- _Problem to solve_: Only an exact repetition of the entries counts as an answer.

Saved data entries
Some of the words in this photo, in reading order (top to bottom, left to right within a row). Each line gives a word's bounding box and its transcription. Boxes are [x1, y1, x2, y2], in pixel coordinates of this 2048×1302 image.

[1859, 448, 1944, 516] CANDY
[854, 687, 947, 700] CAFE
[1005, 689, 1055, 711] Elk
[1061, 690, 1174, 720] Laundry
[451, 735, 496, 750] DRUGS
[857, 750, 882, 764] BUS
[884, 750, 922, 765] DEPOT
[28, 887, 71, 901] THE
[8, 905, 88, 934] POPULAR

- _Written reply_:
Some of the words in this photo, in reading order (top to bottom, left to right within a row). Each line gives a word's bounding box and its transcription. Boxes are [x1, y1, x2, y2], in pixel coordinates of this 2048×1302 image.

[1859, 448, 1944, 516] CANDY
[854, 687, 947, 700] CAFE
[1005, 689, 1055, 711] Elk
[1061, 690, 1174, 720] Laundry
[451, 735, 496, 750] DRUGS
[857, 750, 882, 764] BUS
[884, 750, 922, 765] DEPOT
[28, 887, 71, 901] THE
[8, 905, 88, 934] POPULAR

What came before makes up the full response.